Digital Disconnect Causing Dramatic Drop In Empathy

"Several news sources report that today's college students show a precipitous drop in empathy (here's MSNBC's take). The study shows that students since the year 2000 had 40% less empathy than those 20 and 30 years before them. The article lays out a laundry list of culprits, from child-rearing practices and the self-help movement, to video games and social media, to a free-market economy and income inequality. There's also a link so you can test your very own level of narcissism. Let's hope the Slashdot crowd doesn't break the empathy counter on the downside."

Is "generation me" all about me?
"Many people see the current group of college students — sometimes called 'Generation Me ' — as one of the most self-centered, narcissistic, competitive, confident and individualistic in recent history," said Konrath, 
Konrath's colleague graduate student Edward O'Brien added, "It's not surprising that this growing emphasis on the self is accompanied by a corresponding devaluation of others.”
The role of media Even so, Konrath and O'Brien suggest several reasons for the lower empathy they found, including the ever-increasing exposure to media in the current generation.
"Compared to 30 years ago, the average American now is exposed to three times as much nonwork-related information," Konrath said. "
The rise in social media could also play a role.
"The ease of having 'friends' online might make people more likely to just tune out when they don't feel like responding to others' problems, a behavior that could carry over offline," O'Brien said.
"I clearly am addicted and the dependency is sickening," said one person in the study.  "I feel like most people these days are in a similar situation, for between having a Blackberry, a laptop, a television, and an iPod, people have become unable to shed their media skin."
In the new study... students wrote more than 110,000 words: in aggregate, about the same number of words as a 400-page novel.
"We were surprised by how many students admitted that they were 'incredibly addicted' to media," "But we noticed that what they wrote at length about was how they hated losing their personal connections.

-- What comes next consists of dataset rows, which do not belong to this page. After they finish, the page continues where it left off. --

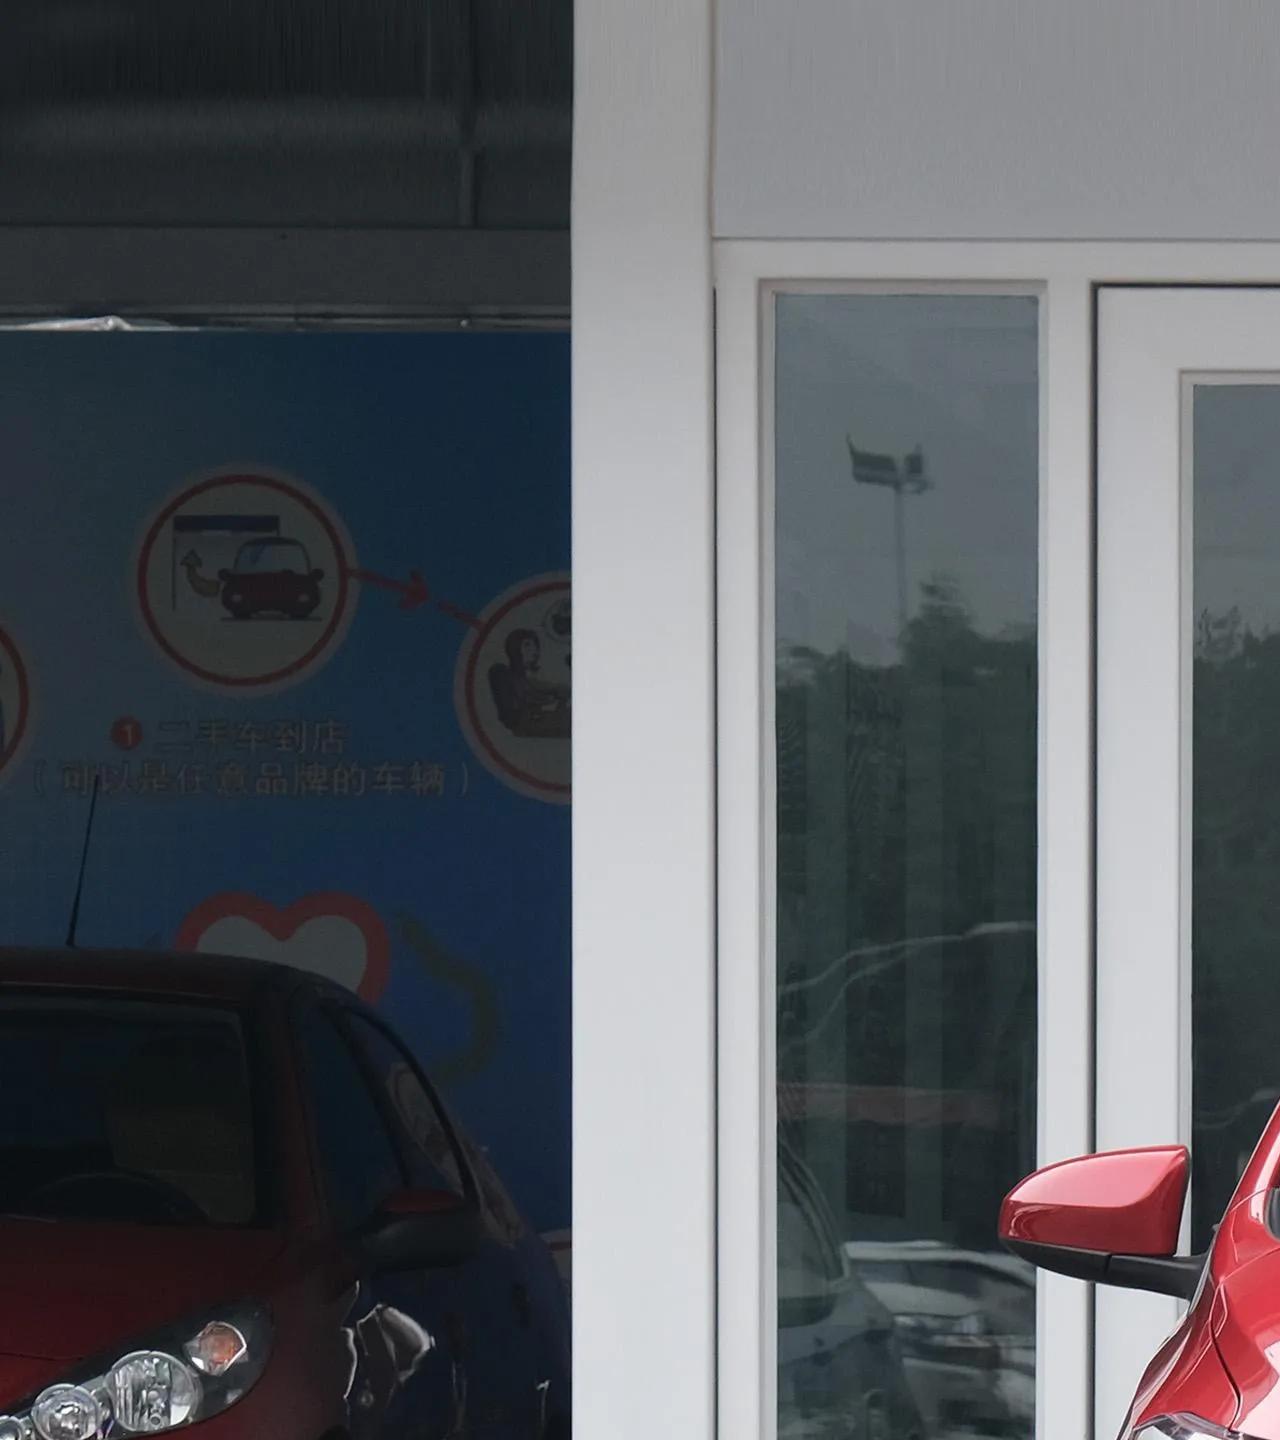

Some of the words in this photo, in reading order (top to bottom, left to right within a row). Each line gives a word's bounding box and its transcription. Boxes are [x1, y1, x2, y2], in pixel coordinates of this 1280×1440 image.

[157, 719, 349, 754] 二手车到店
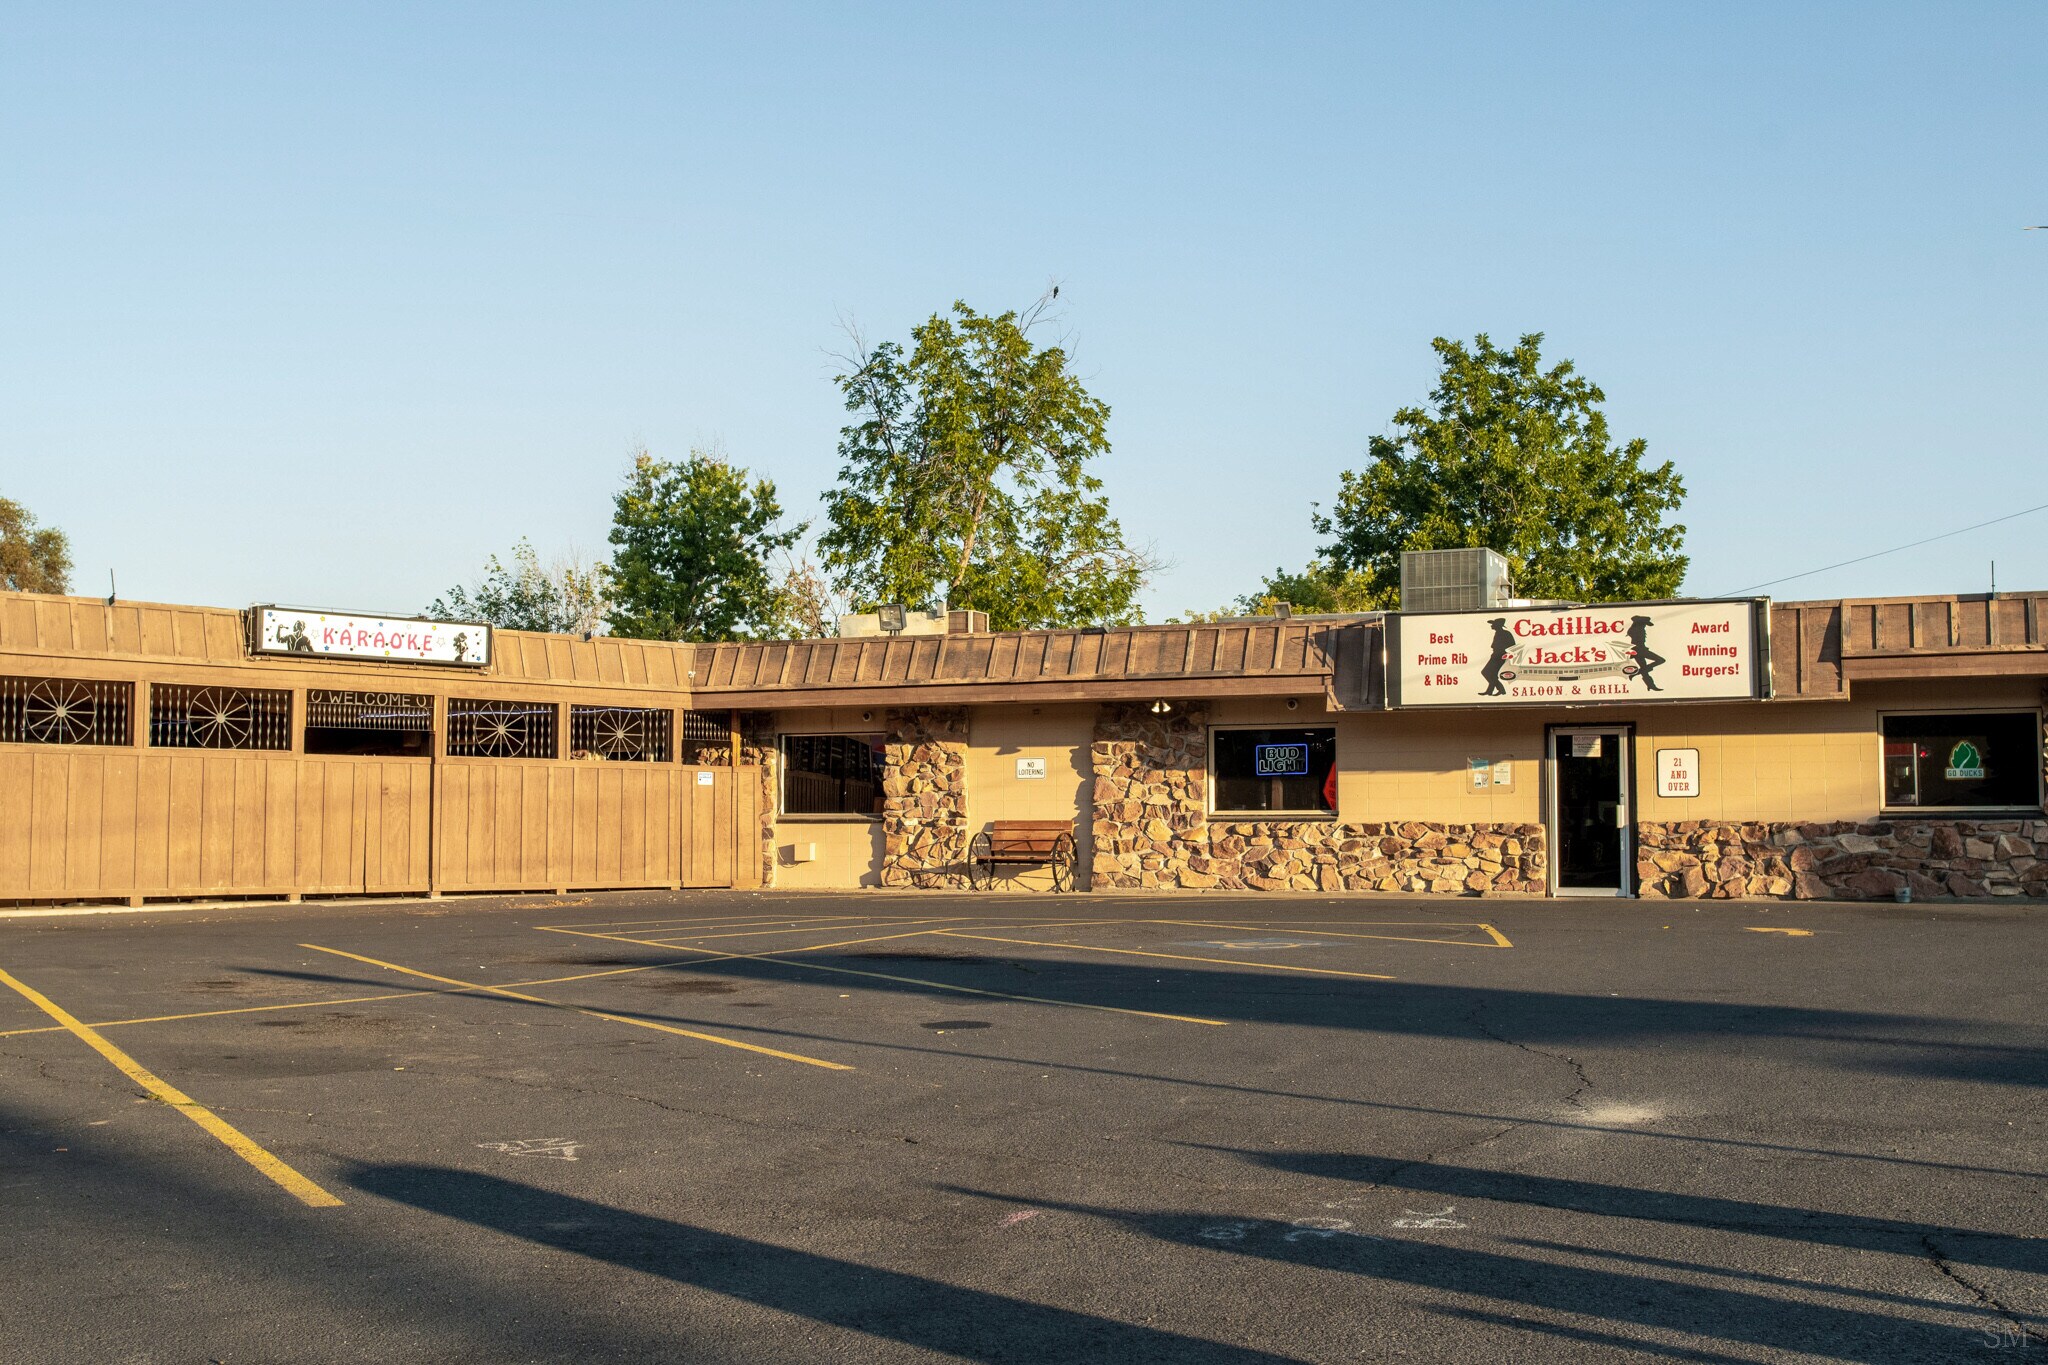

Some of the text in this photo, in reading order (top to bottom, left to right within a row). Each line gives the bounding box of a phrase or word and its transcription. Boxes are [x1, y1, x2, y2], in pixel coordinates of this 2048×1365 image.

[1513, 616, 1625, 637] Cadillac
[1691, 621, 1730, 634] Award
[323, 627, 433, 652] KARAOKE
[1430, 633, 1454, 644] Best
[1528, 646, 1607, 665] Jack's
[1687, 644, 1738, 658] Winning
[1418, 653, 1468, 666] Prime Rib
[1682, 663, 1740, 678] Burgers!
[1424, 674, 1459, 686] & Ribs
[1512, 683, 1630, 697] SALOON & GRILL
[328, 690, 412, 707] WELCOME
[1265, 747, 1300, 760] BUD
[1673, 757, 1682, 767] 21
[1018, 768, 1044, 776] LOITERING
[1670, 770, 1688, 779] AND
[1947, 769, 1983, 777] GO DUCKS
[1668, 782, 1690, 792] OVER

Going without media meant, in their world, going without their friends and family." 
Building upon that observation, an alternative explanation is that the students may have identified the "media" as what they were craving, but were actually missing the social connections afforded by the media. In other words, the students were "addicted" to the social ties — friendships and relationships — with others.
"The students did complain about how boring it was go anywhere and do anything without being plugged into music on their MP3 players," said Moeller.
"And many commented that it was almost impossible to avoid the TVs on in the background at all times in their friends' rooms. But what they spoke about in the strongest terms was how their lack of access to text messaging, phone calling, instant messaging, e-mail and Facebook, meant that they couldn't connect with friends who lived close by, much less those far away."
"Texting and IM-ing my friends gives me a constant feeling of comfort," wrote one student. 
"When I did not have those two luxuries, I felt quite alone and secluded from my life.
Although I go to a school with thousands of students, the fact that I was not able to communicate with anyone via technology was almost unbearable." 
Very few students in the study reported that they regularly watched news on television or read a local or national newspaper... They also didn't mention checking mainstream media news sites or listening to radio news while commuting in their cars. Yet student after student demonstrated knowledge of specific news stories.
How did they get the information? 
In a disaggregated way, and not typically from the news outlet that broke or committed resources to a story... "Students expressed tremendous anxiety about being cut-off from information,”
"But most of all they care about being cut off from that instantaneous flow of information that comes from all sides and does not seem tied to any single device or application or news outlet."
That's the real takeaway of this study for journalists: students showed no significant loyalty to a news program, news personality or even news platform. Students have only a casual relationship to the originators of news, and in fact rarely distinguished between news and more general information.